The pandemic has the whole world searching for a cure for the disease. Doctors, scientists, and pharmaceutical companies the world over are scrambling to find the drug that will help treat patients of the new coronavirus. But yoga guru and co-founder of Patanjali Ayurved Baba Ramdev would have people believe the search is over. On Tuesday, Ramdev told the media that Patanjali Ayurved had developed two new medicines that cure coronavirus – Coronil and Swasari. Ramdev has claimed that the two “medicines” have shown a 100 per cent recovery rate in patients included in Patanjali’s trials.
As expected, Ramdev was quick to introduce Coronil to the media. At a press conference in Haridwar, Ramdev said, “We conducted two trials of these, first clinical controlled study, which took place in Delhi, Ahmedabad, among many other cities. Under this 280 patients were included and 100 per cent of those recovered.”
Patanjali claimed to have developed Coronil and Swasari in collaboration with the privately-owned National Institute of Medical Sciences (NIMS) in Jaipur.
The Ministry of AYUSH (Ayurveda, Unani, Siddha, and Home opathy systems) was not too pleased. It said it was not aware of the facts related to Patanjali’s claims.
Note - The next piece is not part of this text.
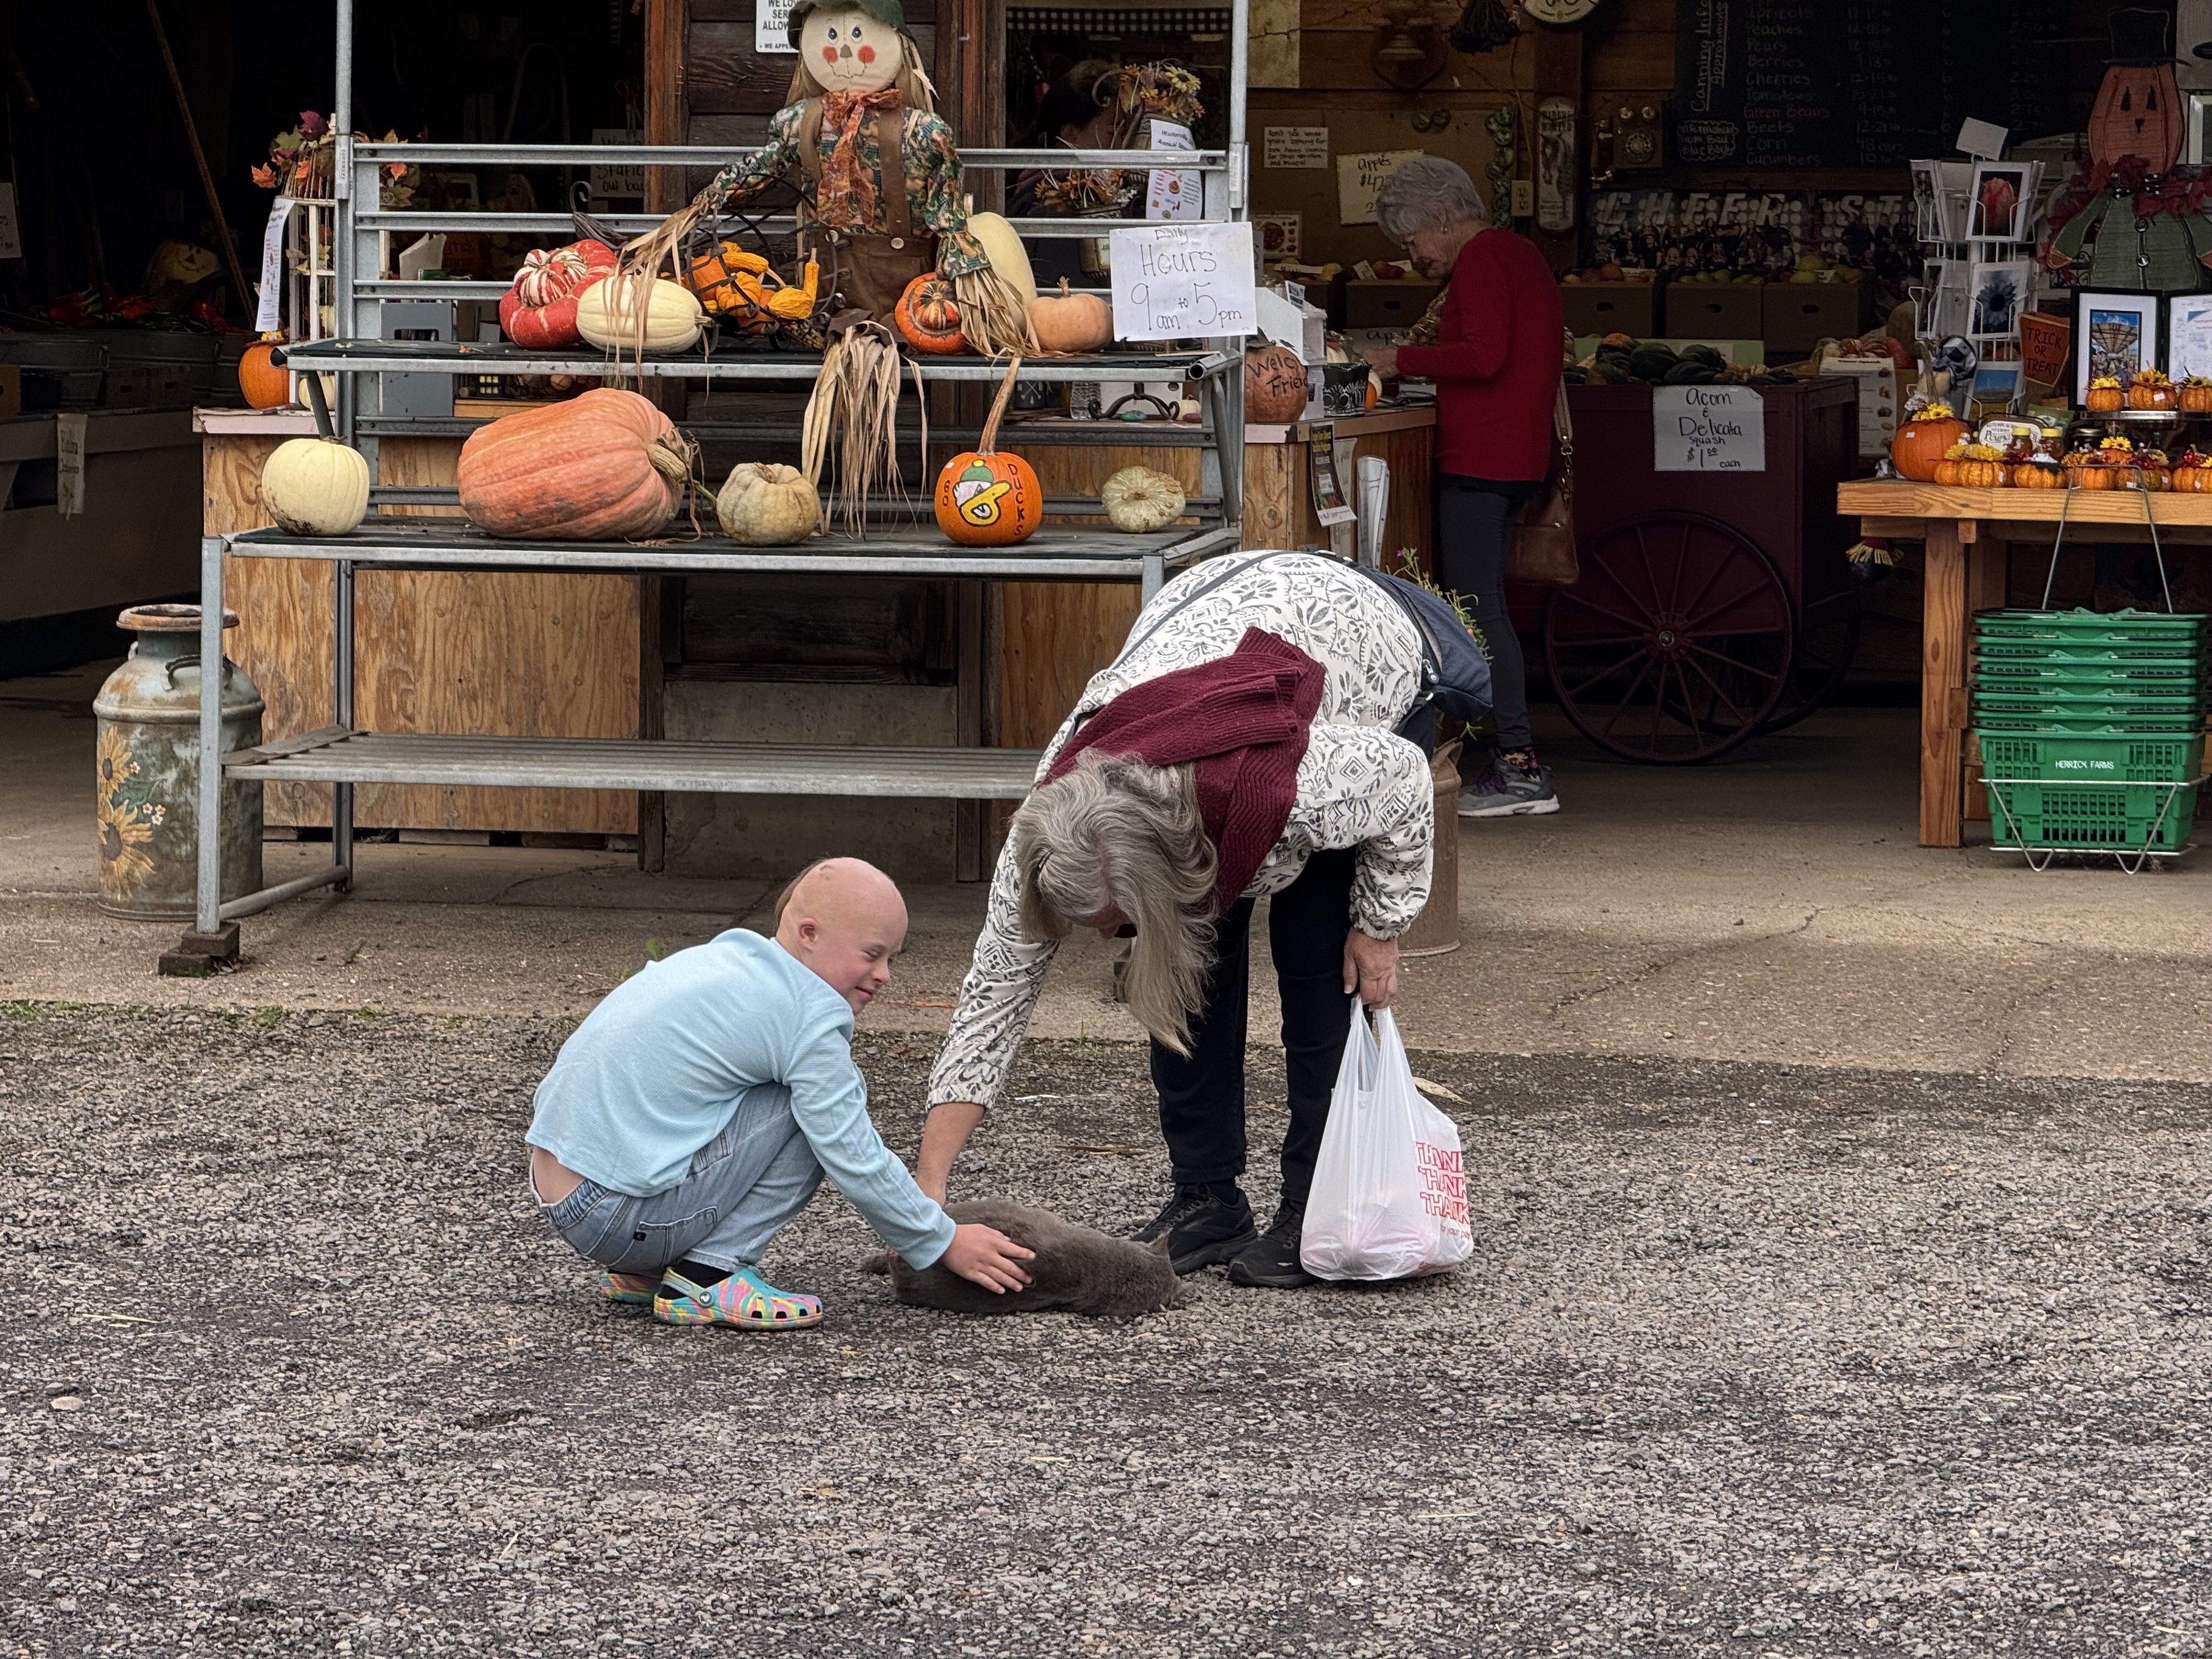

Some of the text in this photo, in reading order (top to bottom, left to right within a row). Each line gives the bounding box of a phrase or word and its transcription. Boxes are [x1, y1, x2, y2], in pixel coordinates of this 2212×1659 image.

It also asked Patanjali Ayurved to stop advertising and promoting Coronil and Swasari as cures for coronavirus. Such claims are regulated under the provisions of Drugs and Magic Remedies (Objectionable Advertisements) Act, 1954.
In a statement put out yesterday, Ministry of AYUSH asked Patanjali Ayurved to “provide at the earliest details of the name and composition of the medicines being claimed for COVID treatment; site(s)/hospital(s), where the research study was conducted for COVID-19; protocol, sample size, Institutional Ethics Committee clearance, CTRI registration and results data of the study.”
But even as the government pulled up Ramdev, he was busy giving interviews to news channels promoting his newfound “cure” for the coronavirus.
Ramdev has claimed that the rebuke from the ministry is due to a “communication gap”, and that there is nothing false about his claims. However, he is also the same person who said he could cure homosexuality through yoga, so perhaps his words should not be taken at face value.